Below are entries; write every one of them out again exactly.

(Records from a dataset)
==============================
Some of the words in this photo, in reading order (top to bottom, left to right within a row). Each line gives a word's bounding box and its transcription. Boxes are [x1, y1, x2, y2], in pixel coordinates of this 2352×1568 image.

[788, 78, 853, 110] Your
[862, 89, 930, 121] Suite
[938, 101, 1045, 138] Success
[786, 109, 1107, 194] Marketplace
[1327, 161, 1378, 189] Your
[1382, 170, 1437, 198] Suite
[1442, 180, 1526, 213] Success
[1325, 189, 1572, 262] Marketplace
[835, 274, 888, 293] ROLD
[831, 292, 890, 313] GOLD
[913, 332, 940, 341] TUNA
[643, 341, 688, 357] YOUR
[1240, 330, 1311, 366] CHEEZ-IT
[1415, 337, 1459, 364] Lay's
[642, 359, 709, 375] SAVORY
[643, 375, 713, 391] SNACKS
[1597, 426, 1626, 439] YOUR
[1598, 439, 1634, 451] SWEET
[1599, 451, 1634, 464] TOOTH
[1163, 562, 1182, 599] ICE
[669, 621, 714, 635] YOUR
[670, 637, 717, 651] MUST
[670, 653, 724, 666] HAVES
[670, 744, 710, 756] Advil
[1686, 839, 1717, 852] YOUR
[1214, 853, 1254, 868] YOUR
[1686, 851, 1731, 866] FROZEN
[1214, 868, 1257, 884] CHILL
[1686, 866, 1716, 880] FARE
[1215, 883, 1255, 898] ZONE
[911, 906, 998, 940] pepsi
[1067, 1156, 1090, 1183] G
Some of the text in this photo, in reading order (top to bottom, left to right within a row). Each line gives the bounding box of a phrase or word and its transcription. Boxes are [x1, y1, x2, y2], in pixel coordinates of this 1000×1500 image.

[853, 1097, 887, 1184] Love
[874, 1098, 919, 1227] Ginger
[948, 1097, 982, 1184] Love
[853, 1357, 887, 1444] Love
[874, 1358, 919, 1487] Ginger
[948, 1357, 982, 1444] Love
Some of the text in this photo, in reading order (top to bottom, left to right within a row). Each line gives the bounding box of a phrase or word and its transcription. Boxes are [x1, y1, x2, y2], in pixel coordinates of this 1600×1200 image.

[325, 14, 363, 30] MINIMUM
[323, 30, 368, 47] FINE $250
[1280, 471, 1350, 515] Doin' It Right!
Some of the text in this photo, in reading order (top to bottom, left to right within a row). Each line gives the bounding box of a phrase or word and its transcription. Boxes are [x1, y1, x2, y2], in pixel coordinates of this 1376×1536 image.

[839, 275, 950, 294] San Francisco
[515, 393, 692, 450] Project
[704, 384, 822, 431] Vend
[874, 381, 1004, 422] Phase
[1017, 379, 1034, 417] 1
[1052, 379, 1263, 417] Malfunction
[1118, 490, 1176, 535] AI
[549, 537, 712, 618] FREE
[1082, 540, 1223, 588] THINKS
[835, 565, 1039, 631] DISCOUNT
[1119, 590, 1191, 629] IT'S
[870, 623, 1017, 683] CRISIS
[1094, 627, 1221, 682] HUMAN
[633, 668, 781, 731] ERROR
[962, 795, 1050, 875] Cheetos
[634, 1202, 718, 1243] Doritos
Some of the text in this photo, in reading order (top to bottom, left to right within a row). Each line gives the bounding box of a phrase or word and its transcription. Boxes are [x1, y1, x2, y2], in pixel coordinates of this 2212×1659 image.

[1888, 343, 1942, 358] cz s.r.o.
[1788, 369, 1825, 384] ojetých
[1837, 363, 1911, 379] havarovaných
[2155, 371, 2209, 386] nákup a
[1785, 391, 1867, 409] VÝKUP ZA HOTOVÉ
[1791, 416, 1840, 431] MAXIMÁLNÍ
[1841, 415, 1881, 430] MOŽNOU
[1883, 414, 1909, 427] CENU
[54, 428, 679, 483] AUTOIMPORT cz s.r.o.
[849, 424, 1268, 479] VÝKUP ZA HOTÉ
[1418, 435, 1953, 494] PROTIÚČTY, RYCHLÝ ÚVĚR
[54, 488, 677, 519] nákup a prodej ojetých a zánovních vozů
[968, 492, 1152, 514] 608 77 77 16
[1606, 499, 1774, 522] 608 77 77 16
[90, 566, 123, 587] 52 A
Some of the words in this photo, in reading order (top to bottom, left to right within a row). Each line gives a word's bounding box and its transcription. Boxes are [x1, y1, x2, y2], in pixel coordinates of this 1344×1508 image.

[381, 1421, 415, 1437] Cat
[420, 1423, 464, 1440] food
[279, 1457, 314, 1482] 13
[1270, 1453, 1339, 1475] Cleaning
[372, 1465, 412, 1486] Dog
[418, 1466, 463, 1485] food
==============================
SOLUTION TO THE EXERCISE ▸
Some of the words in this photo, in reading order (top to bottom, left to right within a row). Each line gives a word's bounding box and its transcription. Boxes are [x1, y1, x2, y2], in pixel coordinates of this 2352×1568 image.

[788, 78, 853, 110] Your
[862, 89, 930, 121] Suite
[938, 101, 1045, 138] Success
[786, 109, 1107, 194] Marketplace
[1327, 161, 1378, 189] Your
[1382, 170, 1437, 198] Suite
[1442, 180, 1526, 213] Success
[1325, 189, 1572, 262] Marketplace
[835, 274, 888, 293] ROLD
[831, 292, 890, 313] GOLD
[913, 332, 940, 341] TUNA
[643, 341, 688, 357] YOUR
[1240, 330, 1311, 366] CHEEZ-IT
[1415, 337, 1459, 364] Lay's
[642, 359, 709, 375] SAVORY
[643, 375, 713, 391] SNACKS
[1597, 426, 1626, 439] YOUR
[1598, 439, 1634, 451] SWEET
[1599, 451, 1634, 464] TOOTH
[1163, 562, 1182, 599] ICE
[669, 621, 714, 635] YOUR
[670, 637, 717, 651] MUST
[670, 653, 724, 666] HAVES
[670, 744, 710, 756] Advil
[1686, 839, 1717, 852] YOUR
[1214, 853, 1254, 868] YOUR
[1686, 851, 1731, 866] FROZEN
[1214, 868, 1257, 884] CHILL
[1686, 866, 1716, 880] FARE
[1215, 883, 1255, 898] ZONE
[911, 906, 998, 940] pepsi
[1067, 1156, 1090, 1183] G
Some of the text in this photo, in reading order (top to bottom, left to right within a row). Each line gives the bounding box of a phrase or word and its transcription. Boxes are [x1, y1, x2, y2], in pixel coordinates of this 1000×1500 image.

[853, 1097, 887, 1184] Love
[874, 1098, 919, 1227] Ginger
[948, 1097, 982, 1184] Love
[853, 1357, 887, 1444] Love
[874, 1358, 919, 1487] Ginger
[948, 1357, 982, 1444] Love
Some of the text in this photo, in reading order (top to bottom, left to right within a row). Each line gives the bounding box of a phrase or word and its transcription. Boxes are [x1, y1, x2, y2], in pixel coordinates of this 1600×1200 image.

[325, 14, 363, 30] MINIMUM
[323, 30, 368, 47] FINE $250
[1280, 471, 1350, 515] Doin' It Right!
Some of the text in this photo, in reading order (top to bottom, left to right within a row). Each line gives the bounding box of a phrase or word and its transcription. Boxes are [x1, y1, x2, y2], in pixel coordinates of this 1376×1536 image.

[839, 275, 950, 294] San Francisco
[515, 393, 692, 450] Project
[704, 384, 822, 431] Vend
[874, 381, 1004, 422] Phase
[1017, 379, 1034, 417] 1
[1052, 379, 1263, 417] Malfunction
[1118, 490, 1176, 535] AI
[549, 537, 712, 618] FREE
[1082, 540, 1223, 588] THINKS
[835, 565, 1039, 631] DISCOUNT
[1119, 590, 1191, 629] IT'S
[870, 623, 1017, 683] CRISIS
[1094, 627, 1221, 682] HUMAN
[633, 668, 781, 731] ERROR
[962, 795, 1050, 875] Cheetos
[634, 1202, 718, 1243] Doritos
Some of the text in this photo, in reading order (top to bottom, left to right within a row). Each line gives the bounding box of a phrase or word and its transcription. Boxes are [x1, y1, x2, y2], in pixel coordinates of this 2212×1659 image.

[1888, 343, 1942, 358] cz s.r.o.
[1788, 369, 1825, 384] ojetých
[1837, 363, 1911, 379] havarovaných
[2155, 371, 2209, 386] nákup a
[1785, 391, 1867, 409] VÝKUP ZA HOTOVÉ
[1791, 416, 1840, 431] MAXIMÁLNÍ
[1841, 415, 1881, 430] MOŽNOU
[1883, 414, 1909, 427] CENU
[54, 428, 679, 483] AUTOIMPORT cz s.r.o.
[849, 424, 1268, 479] VÝKUP ZA HOTÉ
[1418, 435, 1953, 494] PROTIÚČTY, RYCHLÝ ÚVĚR
[54, 488, 677, 519] nákup a prodej ojetých a zánovních vozů
[968, 492, 1152, 514] 608 77 77 16
[1606, 499, 1774, 522] 608 77 77 16
[90, 566, 123, 587] 52 A
Some of the words in this photo, in reading order (top to bottom, left to right within a row). Each line gives a word's bounding box and its transcription. Boxes are [x1, y1, x2, y2], in pixel coordinates of this 1344×1508 image.

[381, 1421, 415, 1437] Cat
[420, 1423, 464, 1440] food
[279, 1457, 314, 1482] 13
[1270, 1453, 1339, 1475] Cleaning
[372, 1465, 412, 1486] Dog
[418, 1466, 463, 1485] food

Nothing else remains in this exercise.